Dataset extract.
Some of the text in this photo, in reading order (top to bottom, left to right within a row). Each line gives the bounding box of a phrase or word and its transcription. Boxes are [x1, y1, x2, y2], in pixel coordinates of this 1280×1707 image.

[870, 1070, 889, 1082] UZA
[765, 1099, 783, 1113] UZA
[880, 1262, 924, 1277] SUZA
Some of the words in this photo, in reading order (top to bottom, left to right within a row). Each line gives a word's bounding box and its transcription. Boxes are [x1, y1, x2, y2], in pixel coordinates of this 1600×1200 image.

==

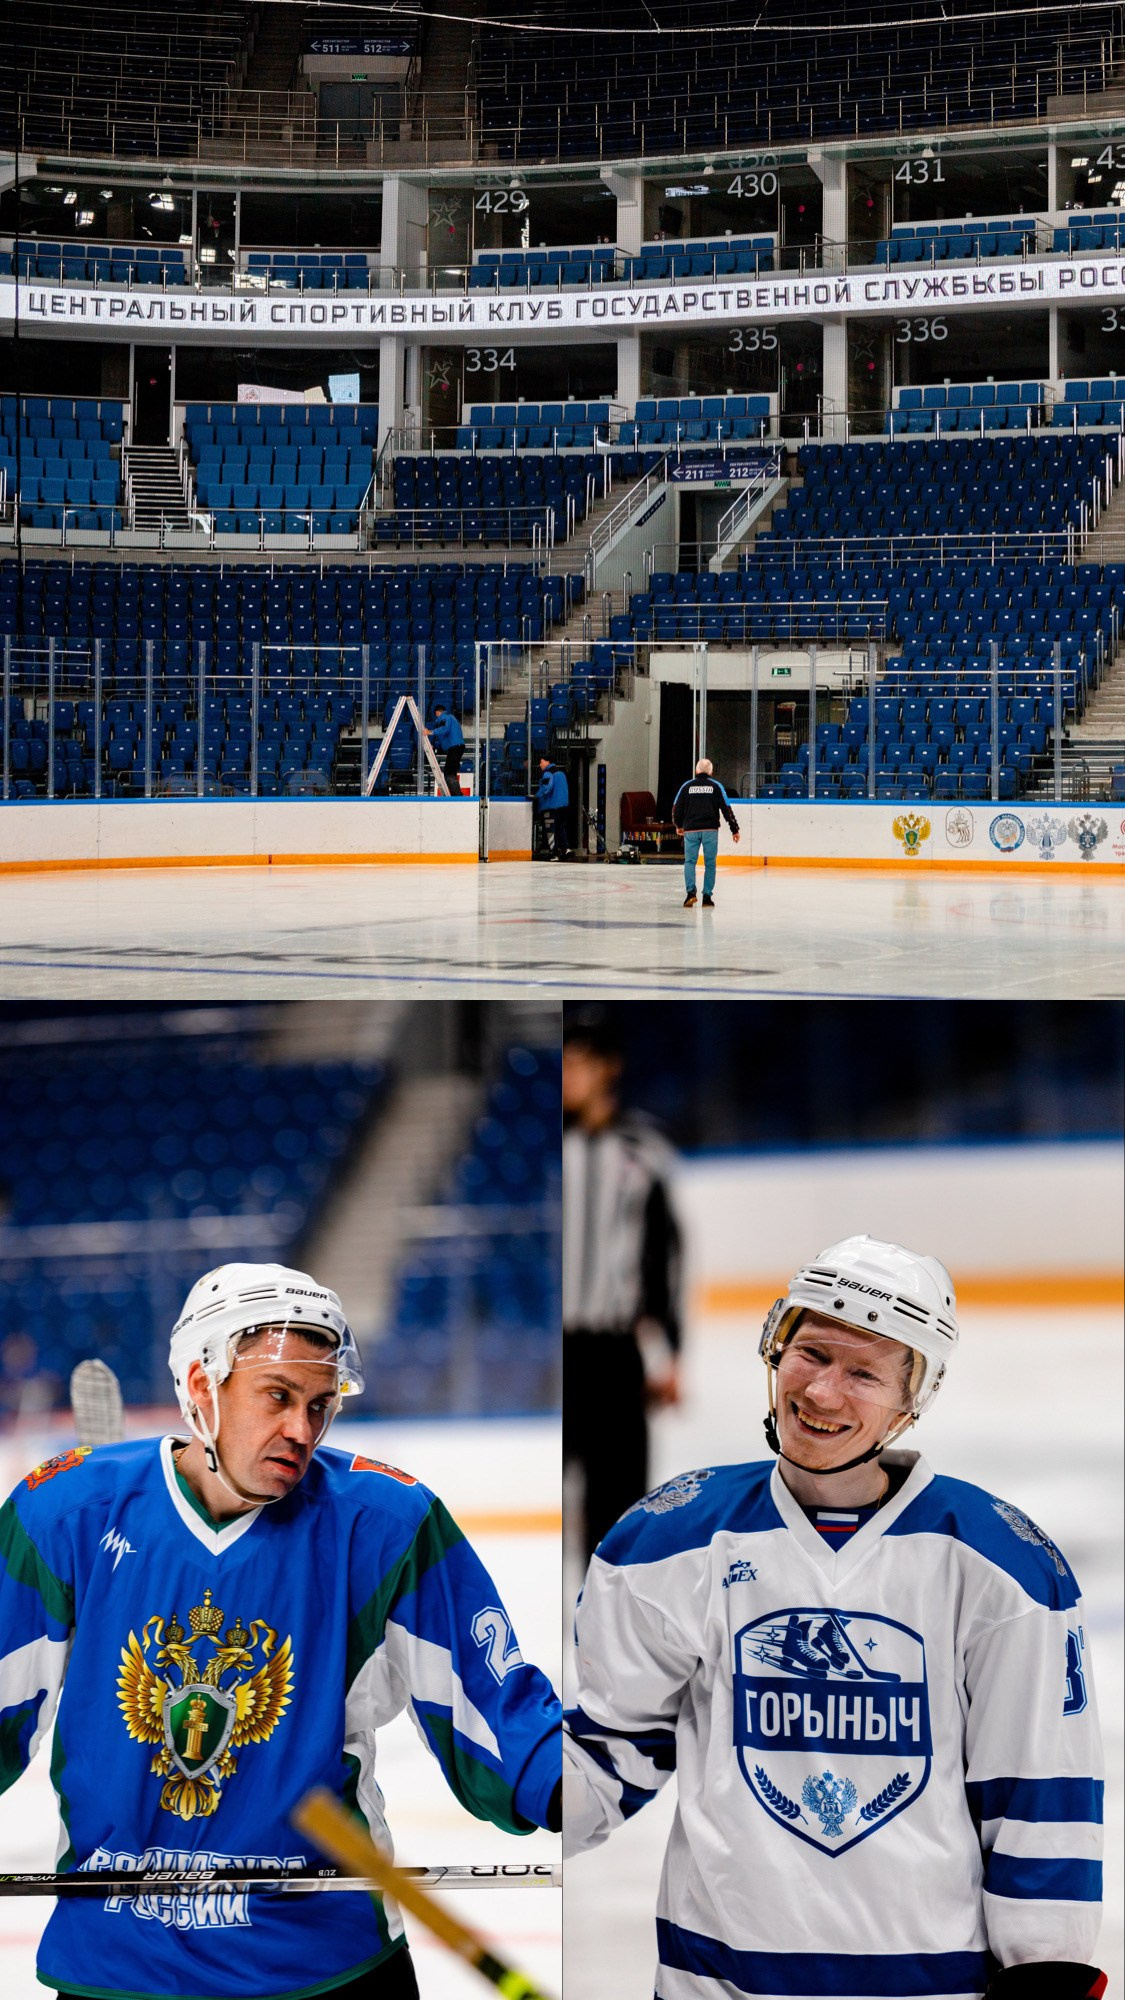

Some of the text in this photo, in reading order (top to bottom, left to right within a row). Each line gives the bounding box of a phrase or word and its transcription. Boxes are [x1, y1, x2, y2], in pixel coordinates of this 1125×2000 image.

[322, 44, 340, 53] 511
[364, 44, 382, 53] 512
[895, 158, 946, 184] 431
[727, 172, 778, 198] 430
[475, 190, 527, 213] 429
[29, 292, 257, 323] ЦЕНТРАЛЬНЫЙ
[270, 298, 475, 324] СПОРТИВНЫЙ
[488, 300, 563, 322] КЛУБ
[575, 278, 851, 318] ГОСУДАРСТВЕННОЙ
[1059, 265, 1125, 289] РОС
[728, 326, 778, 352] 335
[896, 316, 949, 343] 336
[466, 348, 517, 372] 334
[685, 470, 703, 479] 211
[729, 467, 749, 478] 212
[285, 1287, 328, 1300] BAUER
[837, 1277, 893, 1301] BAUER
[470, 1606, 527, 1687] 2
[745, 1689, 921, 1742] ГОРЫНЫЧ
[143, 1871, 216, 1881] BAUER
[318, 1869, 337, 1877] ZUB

Directions.
In the entries above, find the line holding "this 1280×1707 image." and the line holding "Some of the words", then retype exactly those two lines and every line between them, and nothing else.

Problem solution.
Some of the text in this photo, in reading order (top to bottom, left to right within a row). Each line gives the bounding box of a phrase or word and its transcription. Boxes are [x1, y1, x2, y2], in pixel coordinates of this 1280×1707 image.

[870, 1070, 889, 1082] UZA
[765, 1099, 783, 1113] UZA
[880, 1262, 924, 1277] SUZA
Some of the words in this photo, in reading order (top to bottom, left to right within a row). Each line gives a word's bounding box and its transcription. Boxes are [x1, y1, x2, y2], in pixel coordinates of this 1600×1200 image.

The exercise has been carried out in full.